**Problem details**
Nothing in the data should be altered when it is repeated in full.

Data excerpts:

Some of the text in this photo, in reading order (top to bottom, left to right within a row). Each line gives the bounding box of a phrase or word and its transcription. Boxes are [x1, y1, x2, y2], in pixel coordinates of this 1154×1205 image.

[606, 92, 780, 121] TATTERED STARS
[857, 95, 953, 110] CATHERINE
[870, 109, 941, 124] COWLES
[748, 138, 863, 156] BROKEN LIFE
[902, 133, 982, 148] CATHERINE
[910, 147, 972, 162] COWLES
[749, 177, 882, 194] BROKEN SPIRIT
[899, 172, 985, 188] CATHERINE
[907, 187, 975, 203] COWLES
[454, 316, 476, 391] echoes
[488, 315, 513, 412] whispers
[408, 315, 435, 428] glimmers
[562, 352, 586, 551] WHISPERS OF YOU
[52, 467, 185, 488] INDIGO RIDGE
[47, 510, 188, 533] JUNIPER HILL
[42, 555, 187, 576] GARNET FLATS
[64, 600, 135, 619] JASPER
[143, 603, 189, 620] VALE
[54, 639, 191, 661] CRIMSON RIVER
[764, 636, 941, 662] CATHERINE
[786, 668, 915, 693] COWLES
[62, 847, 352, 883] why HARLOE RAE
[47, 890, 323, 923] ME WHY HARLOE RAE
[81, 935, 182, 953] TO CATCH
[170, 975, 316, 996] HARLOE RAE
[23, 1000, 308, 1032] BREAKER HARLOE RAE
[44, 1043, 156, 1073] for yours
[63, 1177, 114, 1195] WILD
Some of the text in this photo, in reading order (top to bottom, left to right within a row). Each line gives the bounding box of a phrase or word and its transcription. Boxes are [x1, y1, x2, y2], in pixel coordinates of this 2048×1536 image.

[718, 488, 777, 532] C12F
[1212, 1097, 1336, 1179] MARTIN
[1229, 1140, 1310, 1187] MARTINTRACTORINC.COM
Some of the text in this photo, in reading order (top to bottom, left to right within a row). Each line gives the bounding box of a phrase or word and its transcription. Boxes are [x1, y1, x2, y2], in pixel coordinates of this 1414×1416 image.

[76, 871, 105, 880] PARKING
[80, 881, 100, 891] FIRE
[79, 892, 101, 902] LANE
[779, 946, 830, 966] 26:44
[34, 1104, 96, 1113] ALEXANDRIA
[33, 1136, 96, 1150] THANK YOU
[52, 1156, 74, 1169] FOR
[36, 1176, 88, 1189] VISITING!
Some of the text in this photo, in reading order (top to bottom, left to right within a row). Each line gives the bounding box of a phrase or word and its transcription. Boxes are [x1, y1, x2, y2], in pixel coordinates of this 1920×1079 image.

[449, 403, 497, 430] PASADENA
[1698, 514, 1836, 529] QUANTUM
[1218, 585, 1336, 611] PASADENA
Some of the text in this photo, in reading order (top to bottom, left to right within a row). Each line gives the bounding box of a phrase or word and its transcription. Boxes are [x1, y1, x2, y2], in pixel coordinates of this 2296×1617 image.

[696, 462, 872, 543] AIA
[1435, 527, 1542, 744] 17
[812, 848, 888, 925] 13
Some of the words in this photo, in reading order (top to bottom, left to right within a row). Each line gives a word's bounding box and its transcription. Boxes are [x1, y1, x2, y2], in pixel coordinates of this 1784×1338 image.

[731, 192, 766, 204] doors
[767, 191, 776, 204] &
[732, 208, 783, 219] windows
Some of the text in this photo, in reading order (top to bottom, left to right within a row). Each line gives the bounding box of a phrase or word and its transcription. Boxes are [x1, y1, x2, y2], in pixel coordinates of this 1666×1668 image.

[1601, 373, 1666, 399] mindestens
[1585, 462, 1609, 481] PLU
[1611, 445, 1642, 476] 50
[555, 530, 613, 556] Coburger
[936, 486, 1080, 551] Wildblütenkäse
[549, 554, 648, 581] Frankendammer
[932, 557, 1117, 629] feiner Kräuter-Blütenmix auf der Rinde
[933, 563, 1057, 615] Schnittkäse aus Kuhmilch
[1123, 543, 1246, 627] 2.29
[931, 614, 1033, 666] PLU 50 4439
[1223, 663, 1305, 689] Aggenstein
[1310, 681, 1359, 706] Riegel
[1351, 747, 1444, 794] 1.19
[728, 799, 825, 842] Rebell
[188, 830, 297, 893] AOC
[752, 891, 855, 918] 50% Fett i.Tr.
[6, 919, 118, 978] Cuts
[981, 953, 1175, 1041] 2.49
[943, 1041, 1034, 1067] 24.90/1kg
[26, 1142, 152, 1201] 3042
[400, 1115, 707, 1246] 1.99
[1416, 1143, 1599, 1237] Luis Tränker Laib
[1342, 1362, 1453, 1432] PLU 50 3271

**Solution for this exercise**
Some of the text in this photo, in reading order (top to bottom, left to right within a row). Each line gives the bounding box of a phrase or word and its transcription. Boxes are [x1, y1, x2, y2], in pixel coordinates of this 1154×1205 image.

[606, 92, 780, 121] TATTERED STARS
[857, 95, 953, 110] CATHERINE
[870, 109, 941, 124] COWLES
[748, 138, 863, 156] BROKEN LIFE
[902, 133, 982, 148] CATHERINE
[910, 147, 972, 162] COWLES
[749, 177, 882, 194] BROKEN SPIRIT
[899, 172, 985, 188] CATHERINE
[907, 187, 975, 203] COWLES
[454, 316, 476, 391] echoes
[488, 315, 513, 412] whispers
[408, 315, 435, 428] glimmers
[562, 352, 586, 551] WHISPERS OF YOU
[52, 467, 185, 488] INDIGO RIDGE
[47, 510, 188, 533] JUNIPER HILL
[42, 555, 187, 576] GARNET FLATS
[64, 600, 135, 619] JASPER
[143, 603, 189, 620] VALE
[54, 639, 191, 661] CRIMSON RIVER
[764, 636, 941, 662] CATHERINE
[786, 668, 915, 693] COWLES
[62, 847, 352, 883] why HARLOE RAE
[47, 890, 323, 923] ME WHY HARLOE RAE
[81, 935, 182, 953] TO CATCH
[170, 975, 316, 996] HARLOE RAE
[23, 1000, 308, 1032] BREAKER HARLOE RAE
[44, 1043, 156, 1073] for yours
[63, 1177, 114, 1195] WILD
Some of the text in this photo, in reading order (top to bottom, left to right within a row). Each line gives the bounding box of a phrase or word and its transcription. Boxes are [x1, y1, x2, y2], in pixel coordinates of this 2048×1536 image.

[718, 488, 777, 532] C12F
[1212, 1097, 1336, 1179] MARTIN
[1229, 1140, 1310, 1187] MARTINTRACTORINC.COM
Some of the text in this photo, in reading order (top to bottom, left to right within a row). Each line gives the bounding box of a phrase or word and its transcription. Boxes are [x1, y1, x2, y2], in pixel coordinates of this 1414×1416 image.

[76, 871, 105, 880] PARKING
[80, 881, 100, 891] FIRE
[79, 892, 101, 902] LANE
[779, 946, 830, 966] 26:44
[34, 1104, 96, 1113] ALEXANDRIA
[33, 1136, 96, 1150] THANK YOU
[52, 1156, 74, 1169] FOR
[36, 1176, 88, 1189] VISITING!
Some of the text in this photo, in reading order (top to bottom, left to right within a row). Each line gives the bounding box of a phrase or word and its transcription. Boxes are [x1, y1, x2, y2], in pixel coordinates of this 1920×1079 image.

[449, 403, 497, 430] PASADENA
[1698, 514, 1836, 529] QUANTUM
[1218, 585, 1336, 611] PASADENA
Some of the text in this photo, in reading order (top to bottom, left to right within a row). Each line gives the bounding box of a phrase or word and its transcription. Boxes are [x1, y1, x2, y2], in pixel coordinates of this 2296×1617 image.

[696, 462, 872, 543] AIA
[1435, 527, 1542, 744] 17
[812, 848, 888, 925] 13
Some of the words in this photo, in reading order (top to bottom, left to right within a row). Each line gives a word's bounding box and its transcription. Boxes are [x1, y1, x2, y2], in pixel coordinates of this 1784×1338 image.

[731, 192, 766, 204] doors
[767, 191, 776, 204] &
[732, 208, 783, 219] windows
Some of the text in this photo, in reading order (top to bottom, left to right within a row). Each line gives the bounding box of a phrase or word and its transcription. Boxes are [x1, y1, x2, y2], in pixel coordinates of this 1666×1668 image.

[1601, 373, 1666, 399] mindestens
[1585, 462, 1609, 481] PLU
[1611, 445, 1642, 476] 50
[555, 530, 613, 556] Coburger
[936, 486, 1080, 551] Wildblütenkäse
[549, 554, 648, 581] Frankendammer
[932, 557, 1117, 629] feiner Kräuter-Blütenmix auf der Rinde
[933, 563, 1057, 615] Schnittkäse aus Kuhmilch
[1123, 543, 1246, 627] 2.29
[931, 614, 1033, 666] PLU 50 4439
[1223, 663, 1305, 689] Aggenstein
[1310, 681, 1359, 706] Riegel
[1351, 747, 1444, 794] 1.19
[728, 799, 825, 842] Rebell
[188, 830, 297, 893] AOC
[752, 891, 855, 918] 50% Fett i.Tr.
[6, 919, 118, 978] Cuts
[981, 953, 1175, 1041] 2.49
[943, 1041, 1034, 1067] 24.90/1kg
[26, 1142, 152, 1201] 3042
[400, 1115, 707, 1246] 1.99
[1416, 1143, 1599, 1237] Luis Tränker Laib
[1342, 1362, 1453, 1432] PLU 50 3271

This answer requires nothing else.